Bild: Hat auch bei Gegenwind Spaß: Wahlkämpfer Stephan Weil, hier im Zentrum …
taz: Herr Weil, inwiefern hat VW in Ihrer Zeit als Ministerpräsident
Einfluss auf die Politik genommen?
Stephan Weil: Gar nicht, das kann ich guten Gewissens sagen. Mir war immer
sehr bewusst, dass ich im Landesinteresse arbeite. Und ich sehe auch keine
Differenz zwischen dem Landesinteresse und dem Unternehmenswohl. VW möchte
erfolgreich sein und dafür muss das Unternehmen sauber sein – das gilt für
Schadstoffwerte genauso wie für die inneren Verhältnisse.

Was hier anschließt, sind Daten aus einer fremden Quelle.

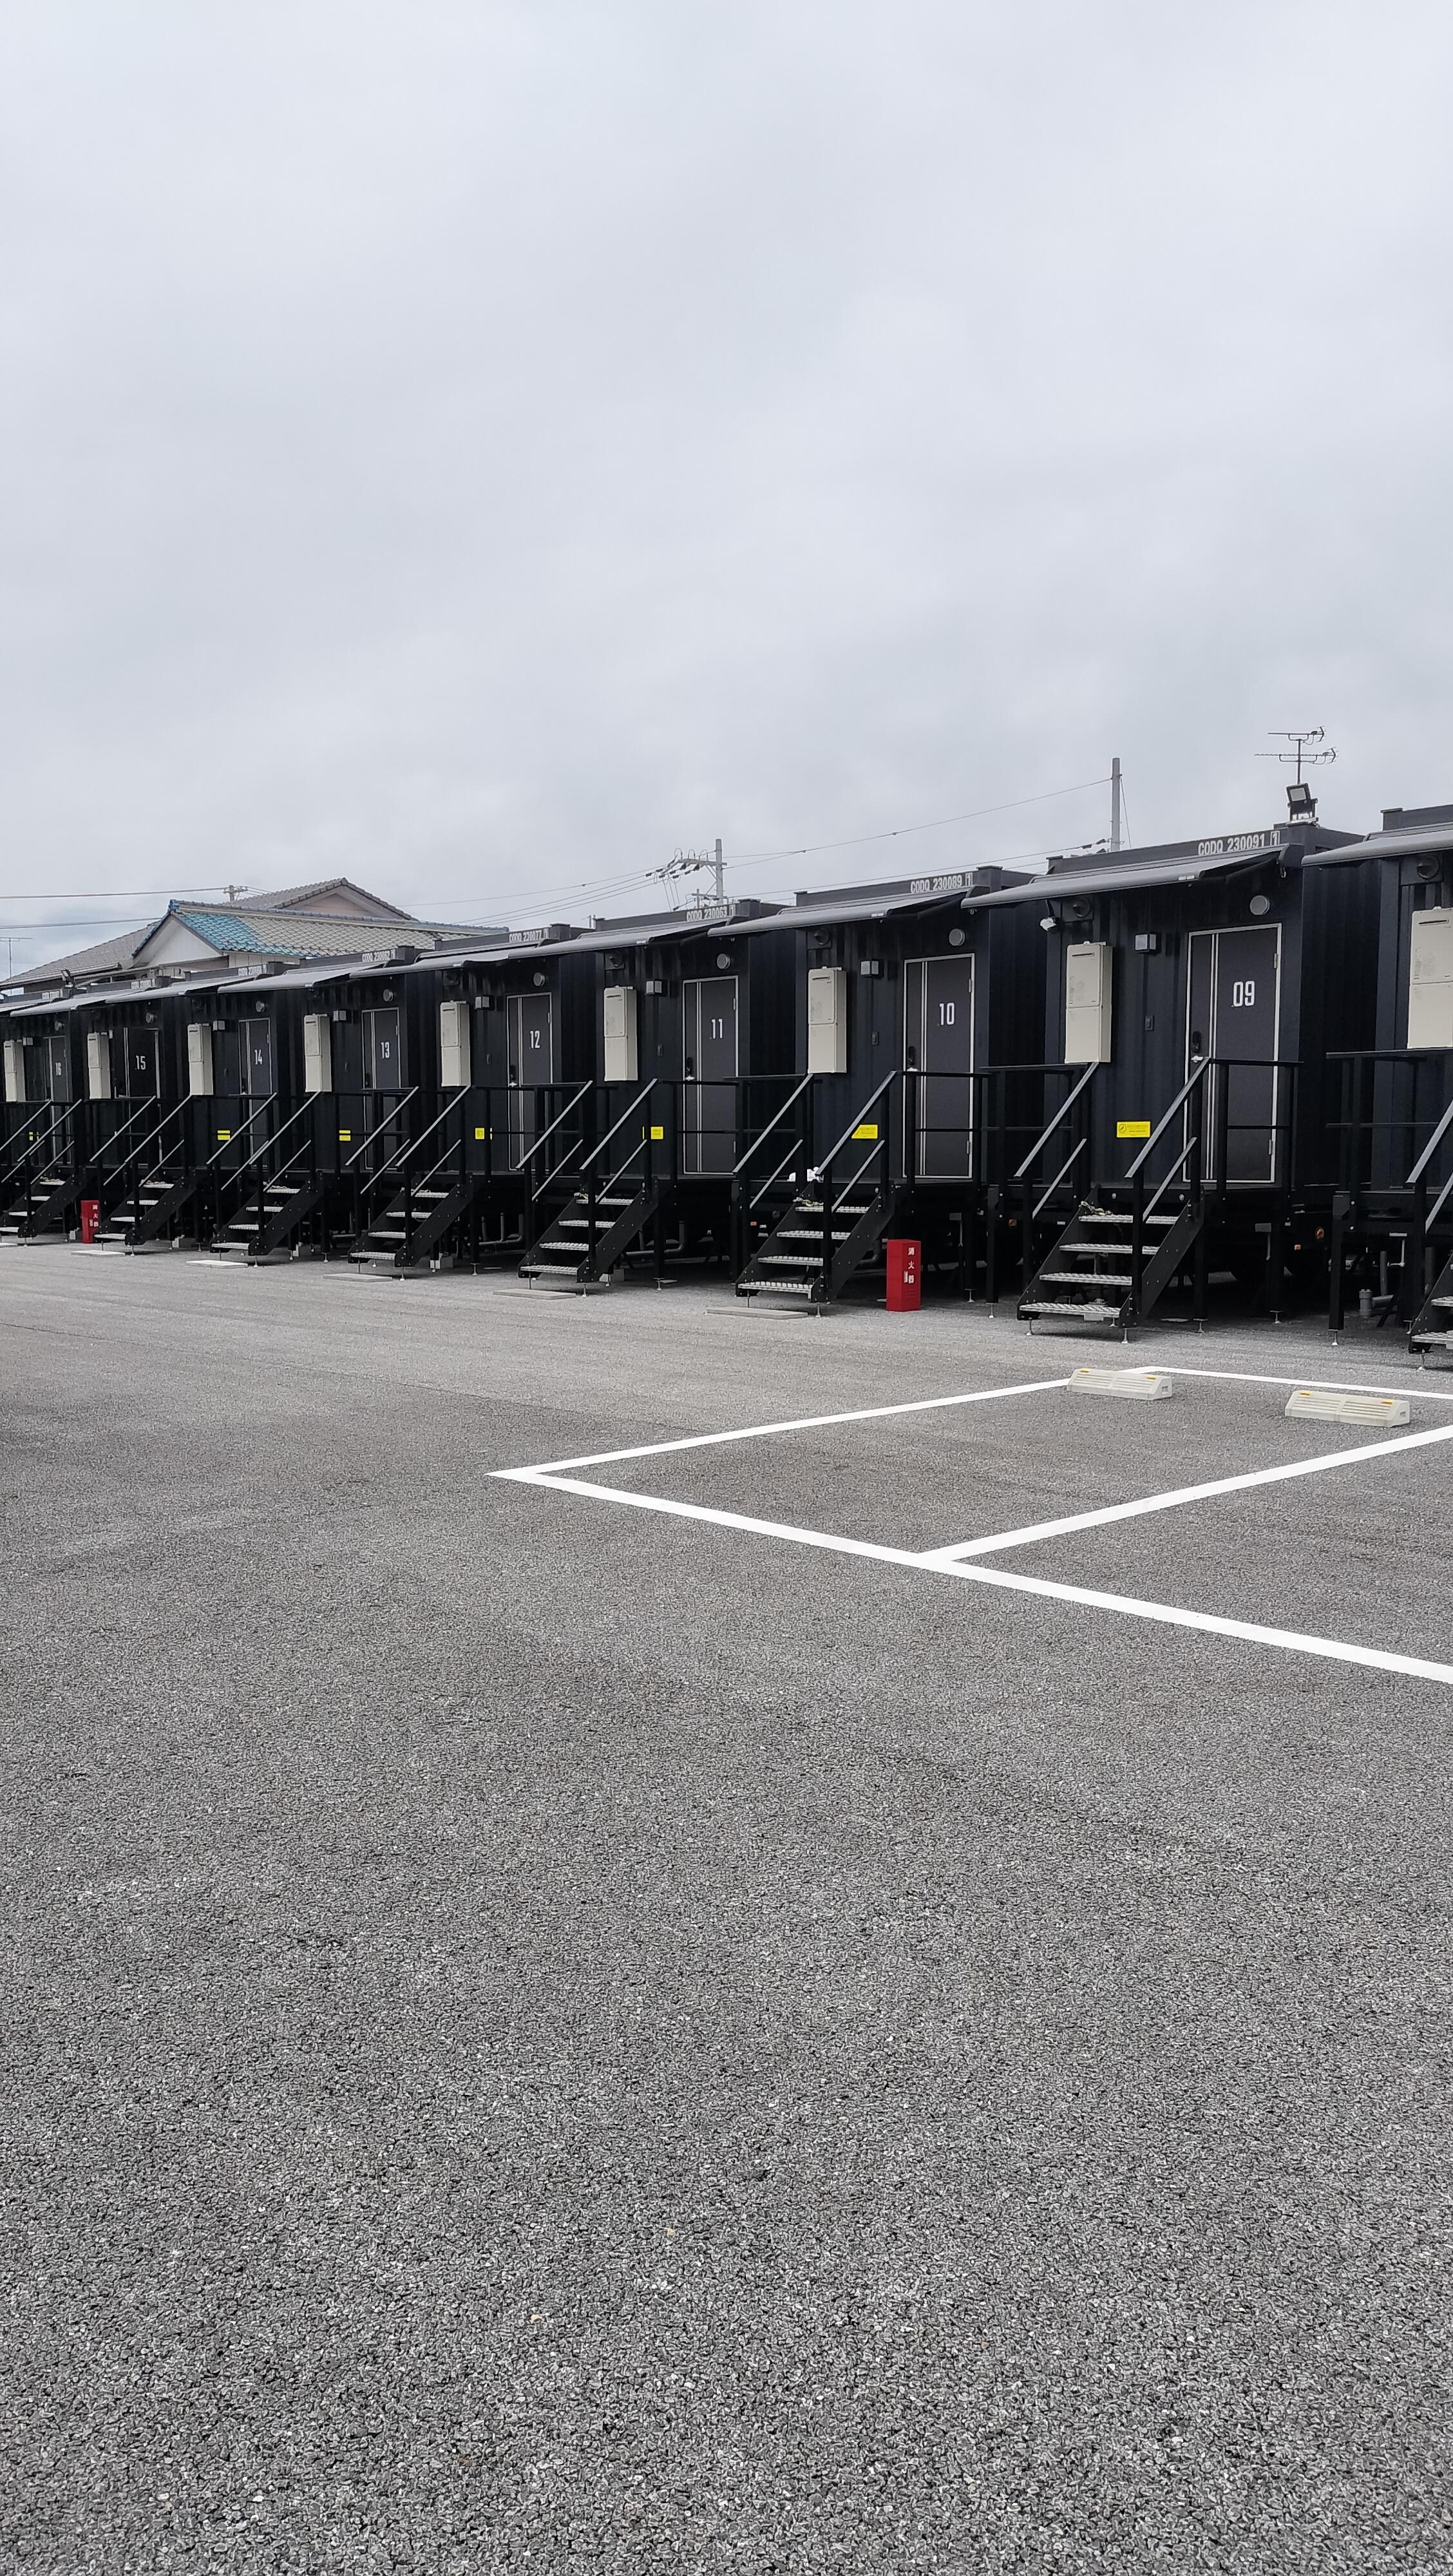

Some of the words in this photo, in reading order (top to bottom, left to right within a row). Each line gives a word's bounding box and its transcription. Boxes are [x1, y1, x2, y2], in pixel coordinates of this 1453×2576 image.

[1227, 833, 1265, 852] 230091
[933, 875, 962, 891] 230089
[1233, 981, 1255, 1007] 09
[940, 1003, 954, 1025] 10
[712, 1019, 723, 1039] 11
[530, 1030, 540, 1048] 12
[254, 1049, 263, 1065] 14
[381, 1041, 390, 1058] 13
[55, 1063, 61, 1075] 16
[136, 1055, 146, 1070] 15
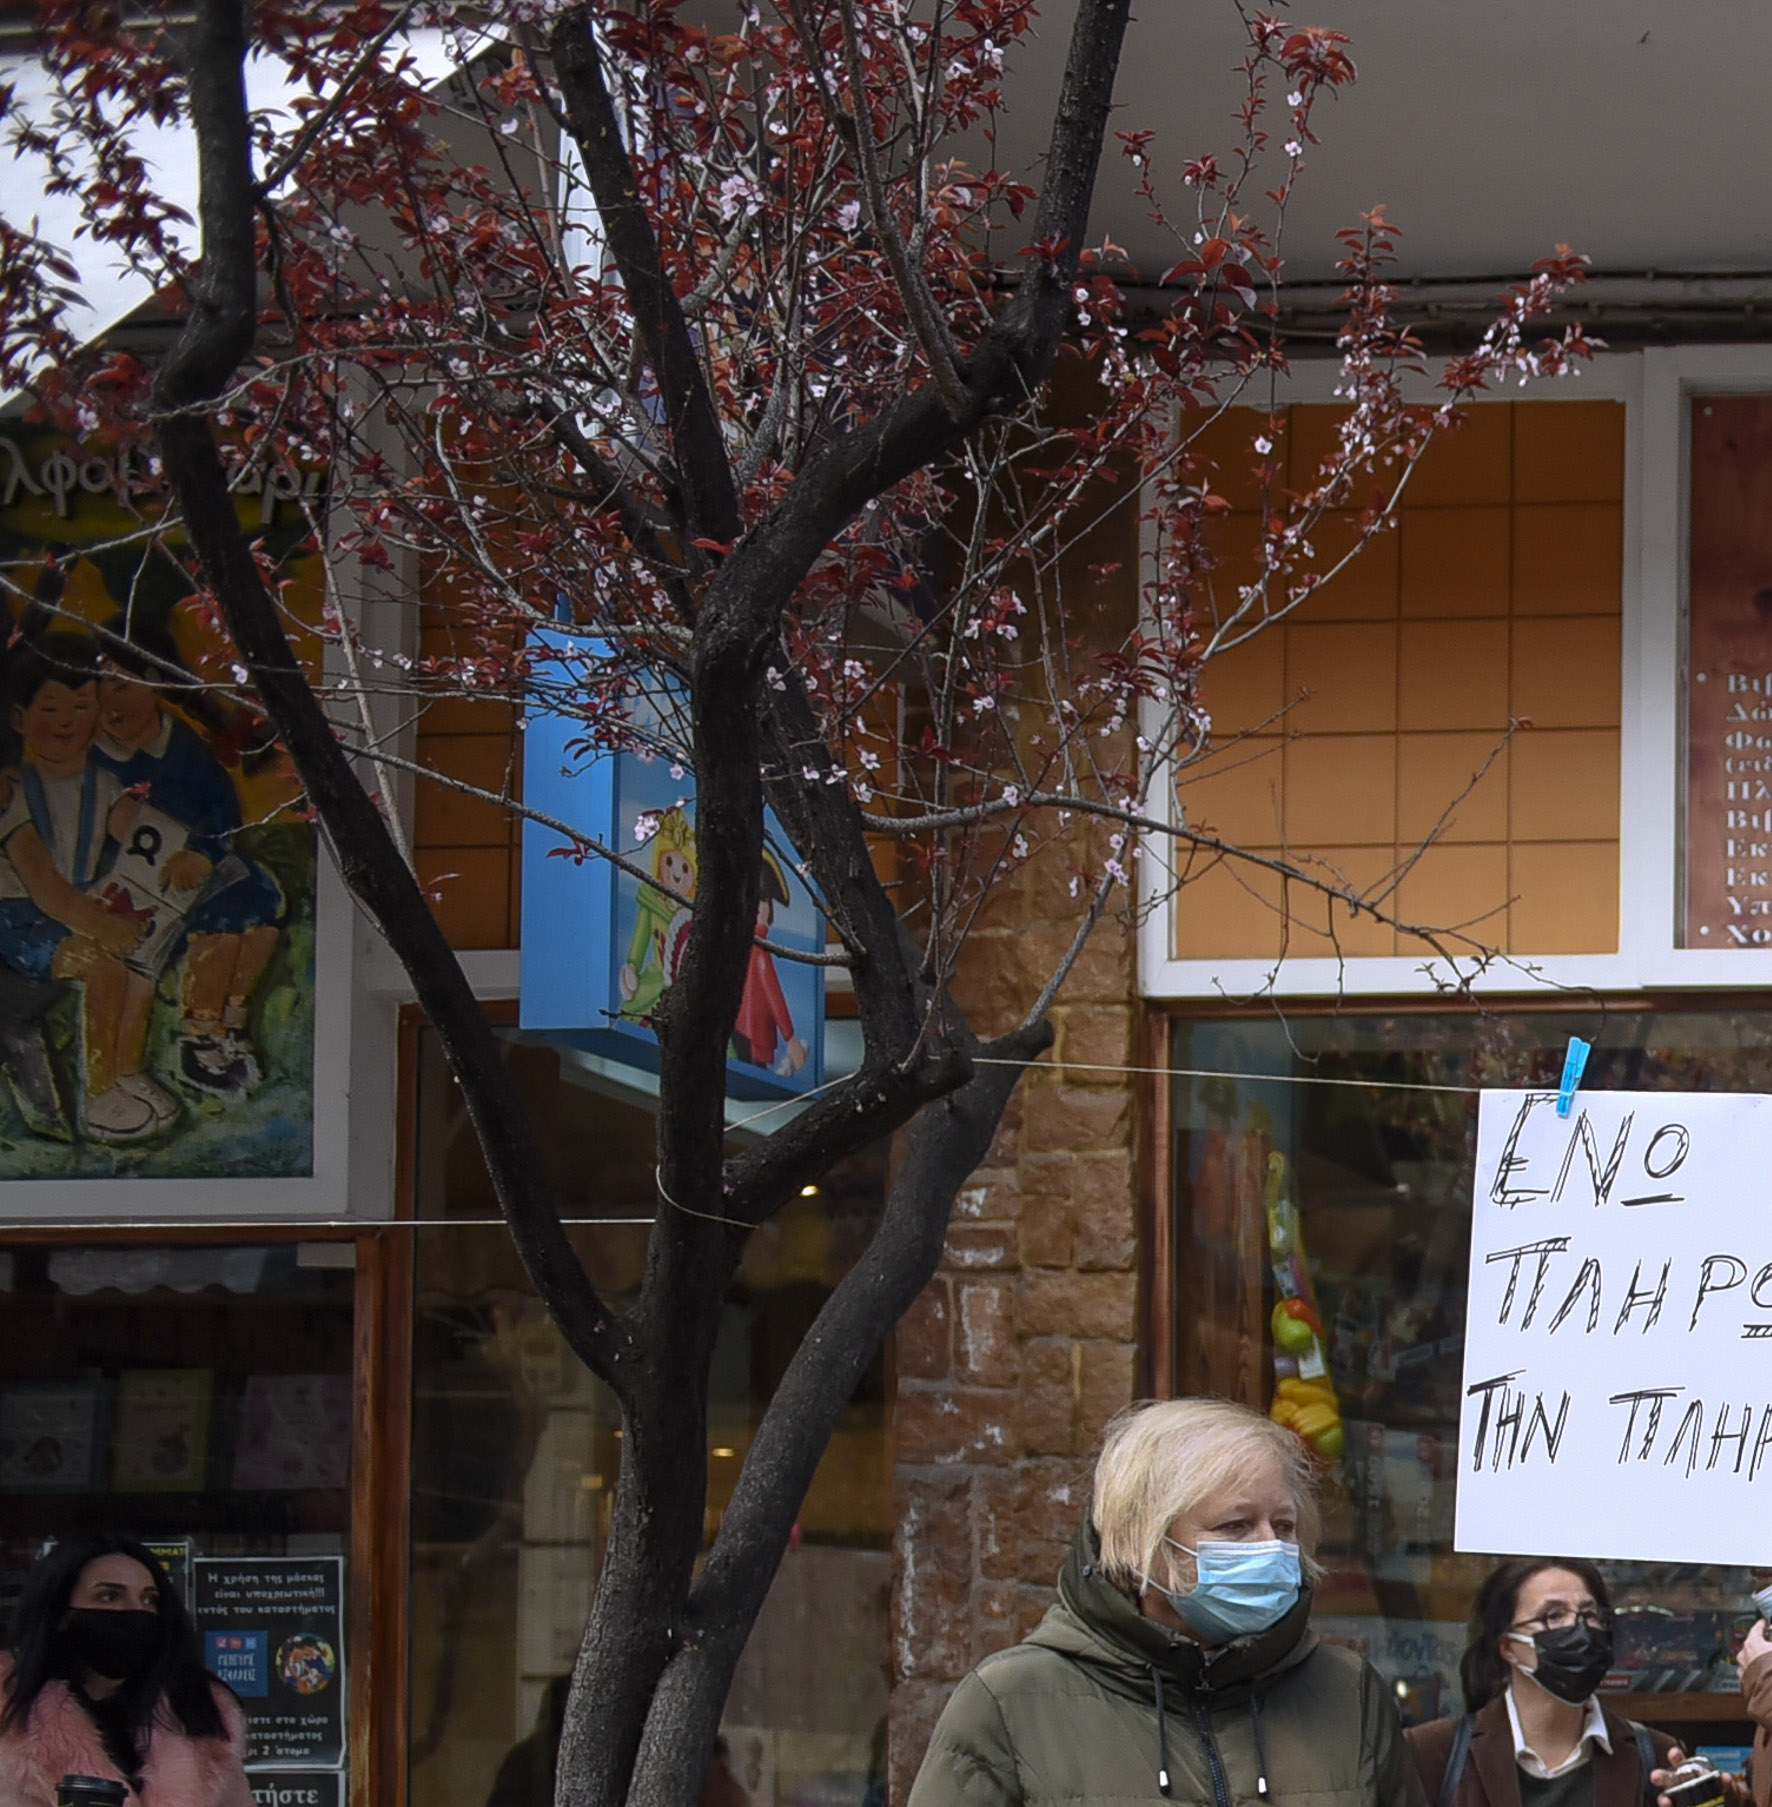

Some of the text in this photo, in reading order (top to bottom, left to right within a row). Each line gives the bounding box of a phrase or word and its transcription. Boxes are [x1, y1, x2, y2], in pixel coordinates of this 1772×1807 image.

[1466, 1369, 1571, 1474] ΤΗΝ
[207, 1571, 325, 1586] Η χρήση της μάσκας
[246, 1729, 323, 1743] αταστήματος
[262, 1744, 271, 1756] 2
[251, 1782, 319, 1807] τήστε

Also war die Regierungserklärung, die Sie VW vorab gezeigt haben, nicht der
einzige Fall, in dem es solche Absprachen gab?
Gerade in der Anfangsphase von Diesel-Gate haben wir uns immer da
abgestimmt, wo es um juristisch relevante Inhalte ging. Im Herbst 2015
befand sich Volkswagen in einer sehr bedrohlichen Situation. Bei
politischen Wertungen allerdings hat es niemals eine Abstimmung gegeben.
Auch dafür ist die Regierungserklärung ein gutes Beispiel. Sie enthält eine
deutliche Kritik an Volkswagen.
Warum ist das Thema gerade wieder hochgekocht? Wer will Ihnen schaden?
Darüber will ich nicht spekulieren, aber ich sehe es schon als Teil des
Wahlkampfes. Dass dieses Thema jetzt mit einer solchen Wucht, pünktlich zum
Auftakt der Wahlauseinandersetzung in Niedersachsen, kommt, spricht für
sich.
Auch David McAllister (CDU) und Jörg Bode (FDP) haben als VW-Aufsichtsräte
Kommunikationsrichtlinien mit VW abgestimmt.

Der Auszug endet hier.